Output the records exactly, and drop each picture.

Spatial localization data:
*** Block opens ***

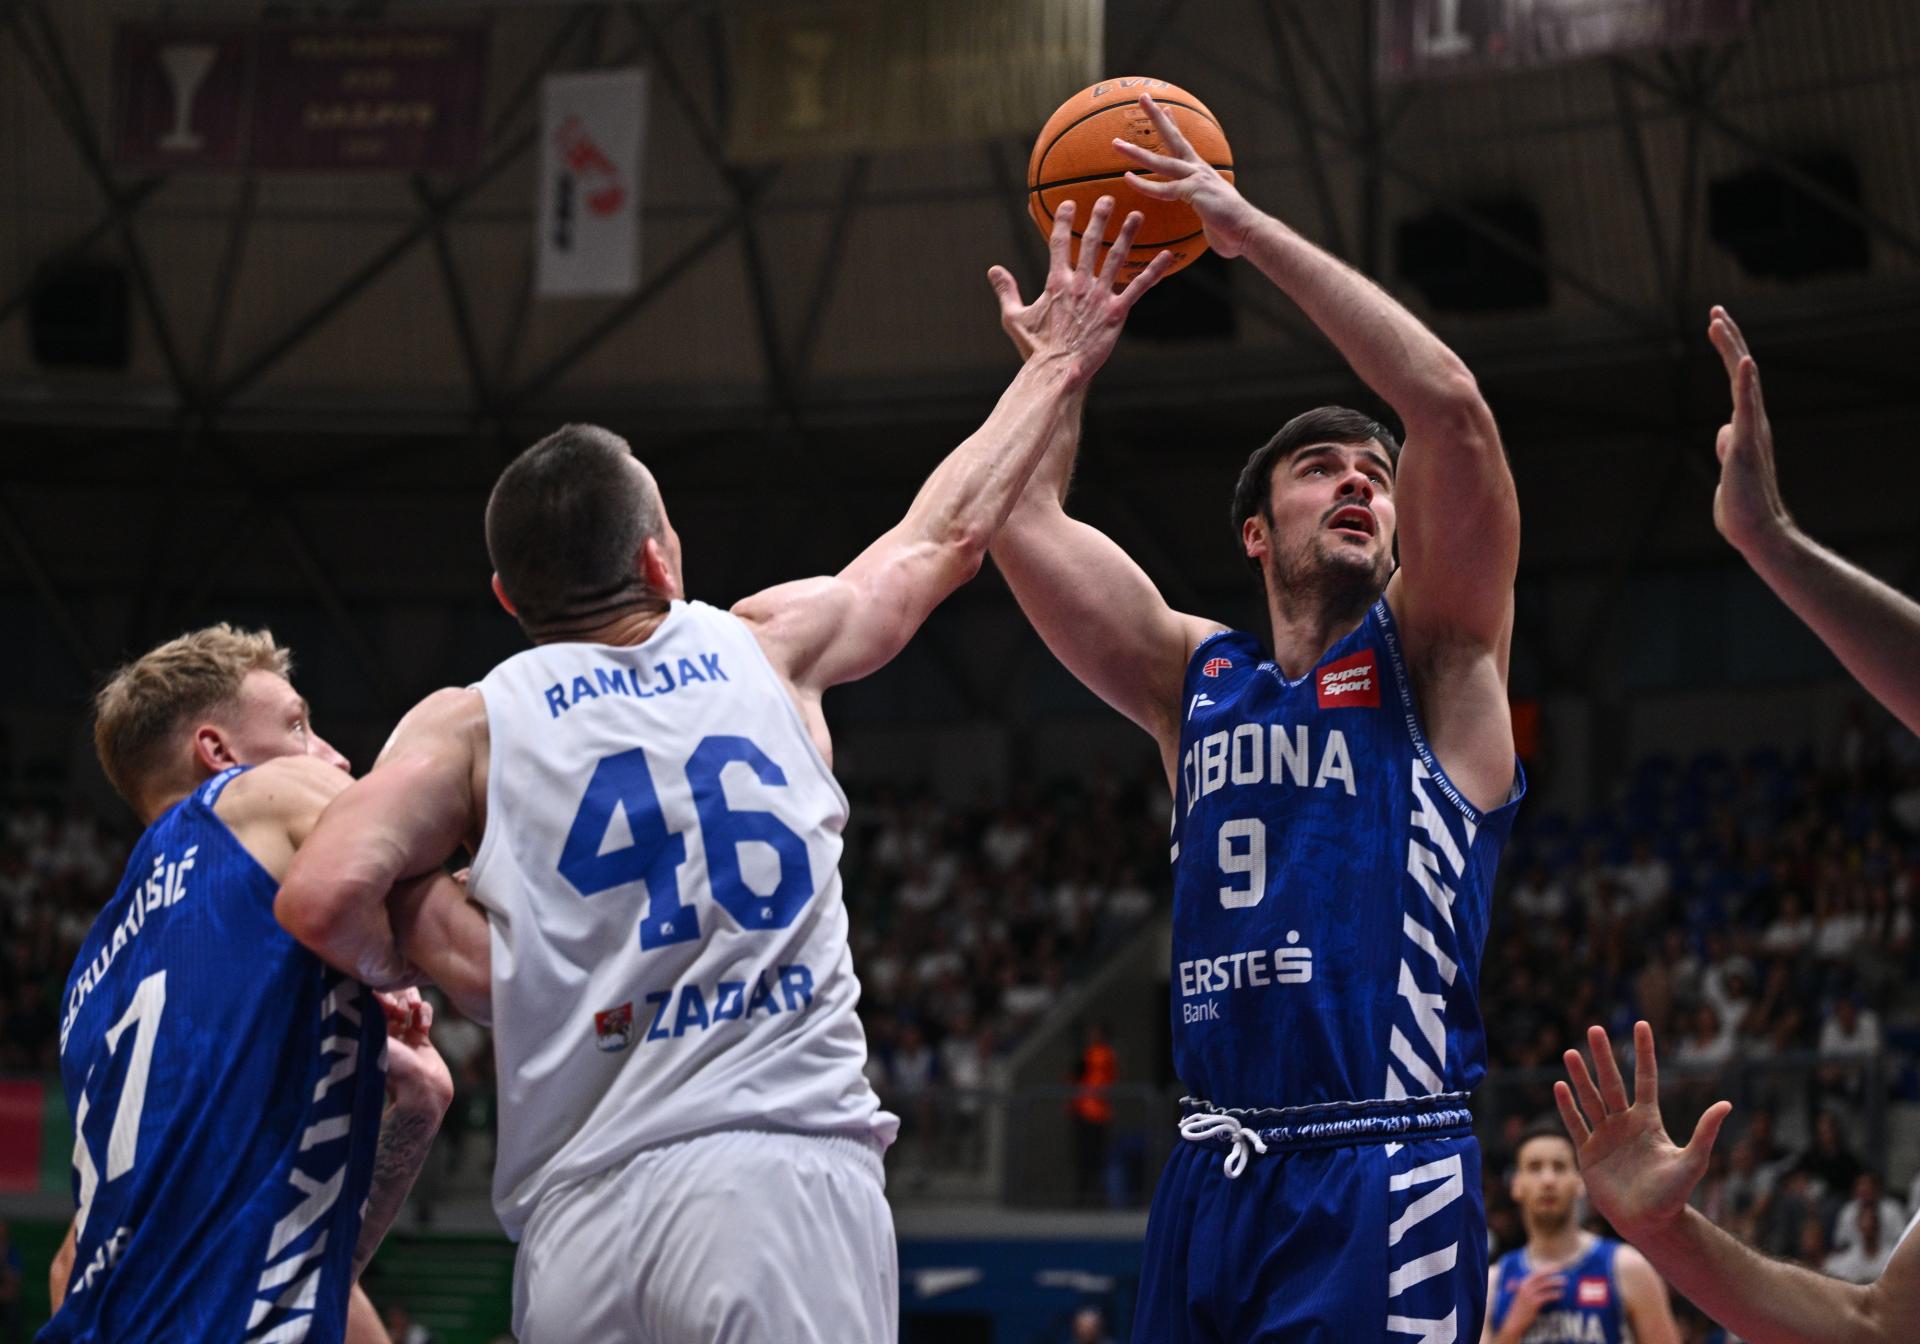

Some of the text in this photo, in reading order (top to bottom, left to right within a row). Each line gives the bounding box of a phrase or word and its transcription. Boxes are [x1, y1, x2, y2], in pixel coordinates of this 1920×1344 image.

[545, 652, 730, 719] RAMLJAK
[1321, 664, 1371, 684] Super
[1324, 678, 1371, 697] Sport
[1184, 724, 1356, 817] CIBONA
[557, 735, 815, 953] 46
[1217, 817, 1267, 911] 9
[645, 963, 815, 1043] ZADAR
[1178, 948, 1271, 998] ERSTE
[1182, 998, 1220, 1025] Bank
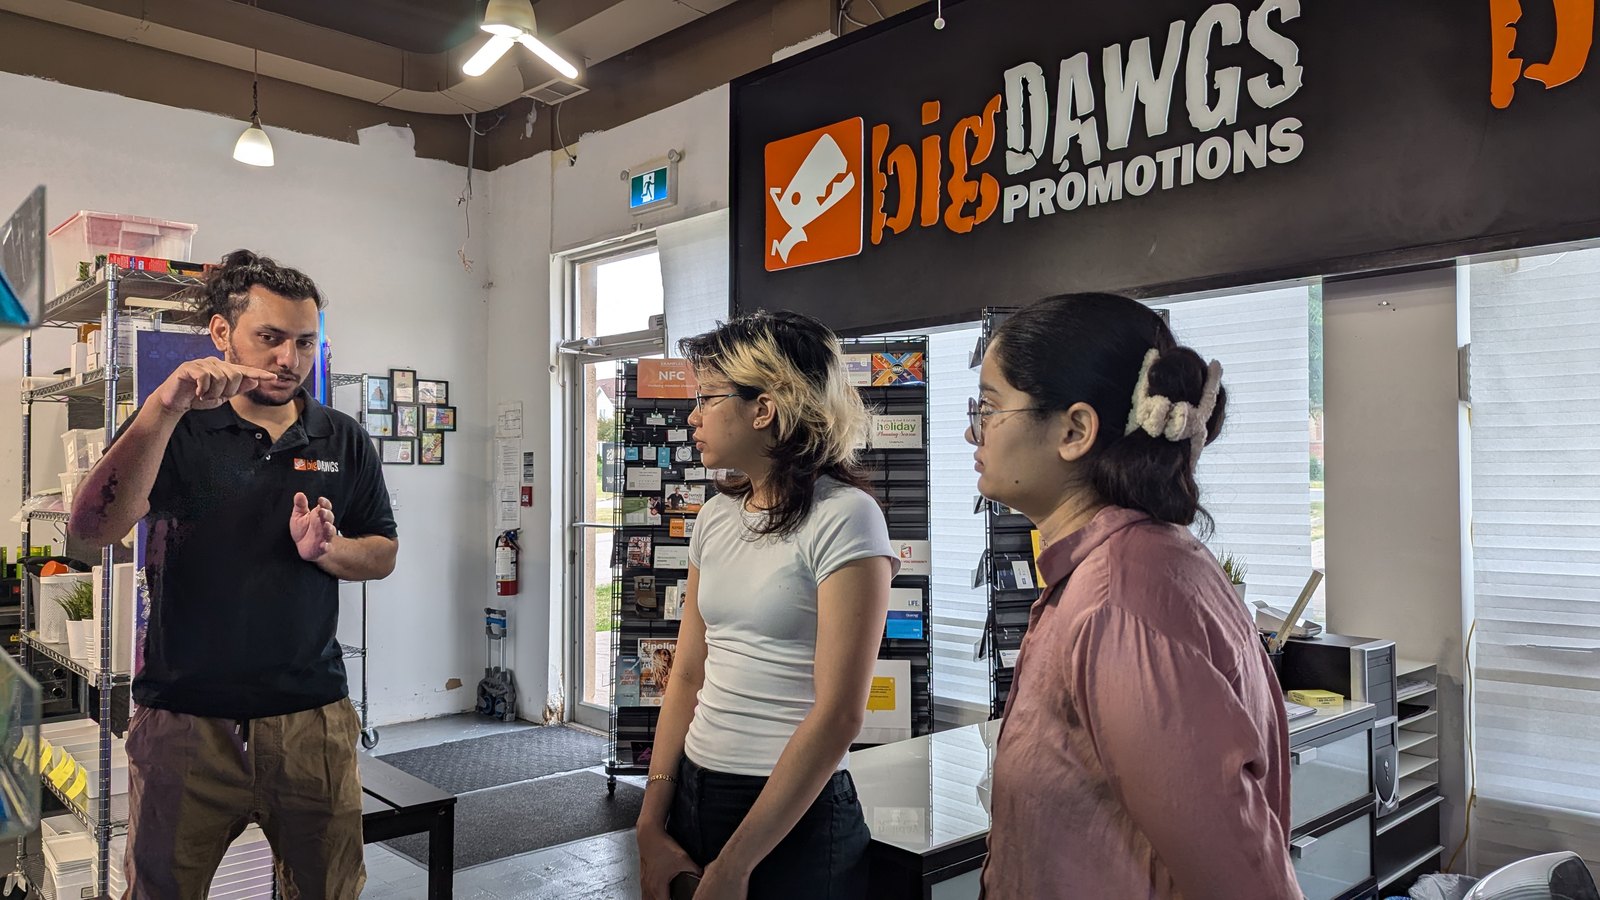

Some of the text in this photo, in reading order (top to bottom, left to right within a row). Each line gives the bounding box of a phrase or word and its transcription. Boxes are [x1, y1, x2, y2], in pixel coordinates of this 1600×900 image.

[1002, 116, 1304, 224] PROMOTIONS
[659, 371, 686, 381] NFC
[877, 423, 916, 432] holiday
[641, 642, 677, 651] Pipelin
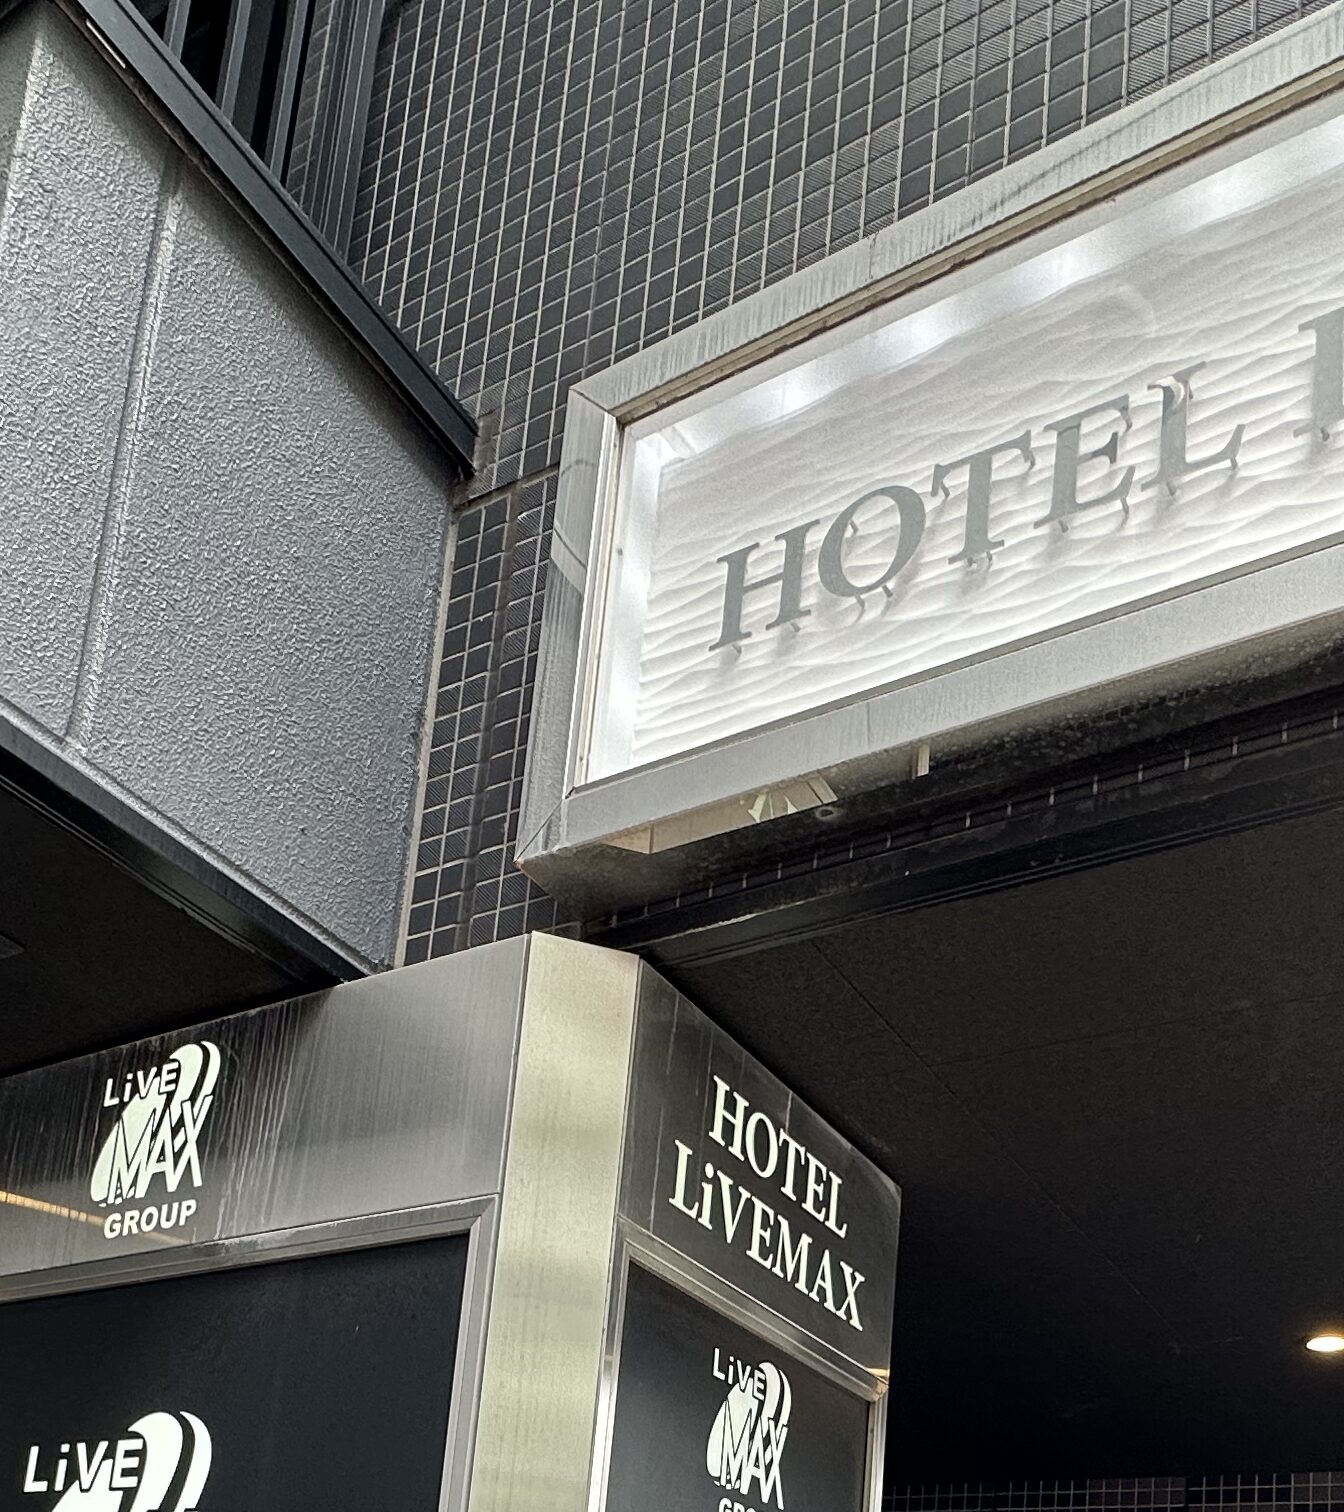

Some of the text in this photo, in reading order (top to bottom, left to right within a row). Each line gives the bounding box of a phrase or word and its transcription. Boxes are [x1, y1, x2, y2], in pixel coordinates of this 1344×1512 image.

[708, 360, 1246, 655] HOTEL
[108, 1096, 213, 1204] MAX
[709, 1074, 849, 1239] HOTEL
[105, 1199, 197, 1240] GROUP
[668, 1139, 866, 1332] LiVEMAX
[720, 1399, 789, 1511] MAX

*** Block closes ***

_Reply:_
Some of the text in this photo, in reading order (top to bottom, left to right within a row). Each line gives the bounding box of a phrase or word and its transcription. Boxes are [x1, y1, x2, y2], in pixel coordinates of this 1920×1344 image.

[545, 652, 730, 719] RAMLJAK
[1321, 664, 1371, 684] Super
[1324, 678, 1371, 697] Sport
[1184, 724, 1356, 817] CIBONA
[557, 735, 815, 953] 46
[1217, 817, 1267, 911] 9
[645, 963, 815, 1043] ZADAR
[1178, 948, 1271, 998] ERSTE
[1182, 998, 1220, 1025] Bank

Some of the text in this photo, in reading order (top to bottom, left to right within a row). Each line gives the bounding box of a phrase or word and its transcription. Boxes are [x1, y1, x2, y2], in pixel coordinates of this 1600×900 image.

[1002, 116, 1304, 224] PROMOTIONS
[659, 371, 686, 381] NFC
[877, 423, 916, 432] holiday
[641, 642, 677, 651] Pipelin

Some of the text in this photo, in reading order (top to bottom, left to right within a row). Each line gives the bounding box of a phrase or word and its transcription. Boxes are [x1, y1, x2, y2], in pixel coordinates of this 1344×1512 image.

[708, 360, 1246, 655] HOTEL
[108, 1096, 213, 1204] MAX
[709, 1074, 849, 1239] HOTEL
[105, 1199, 197, 1240] GROUP
[668, 1139, 866, 1332] LiVEMAX
[720, 1399, 789, 1511] MAX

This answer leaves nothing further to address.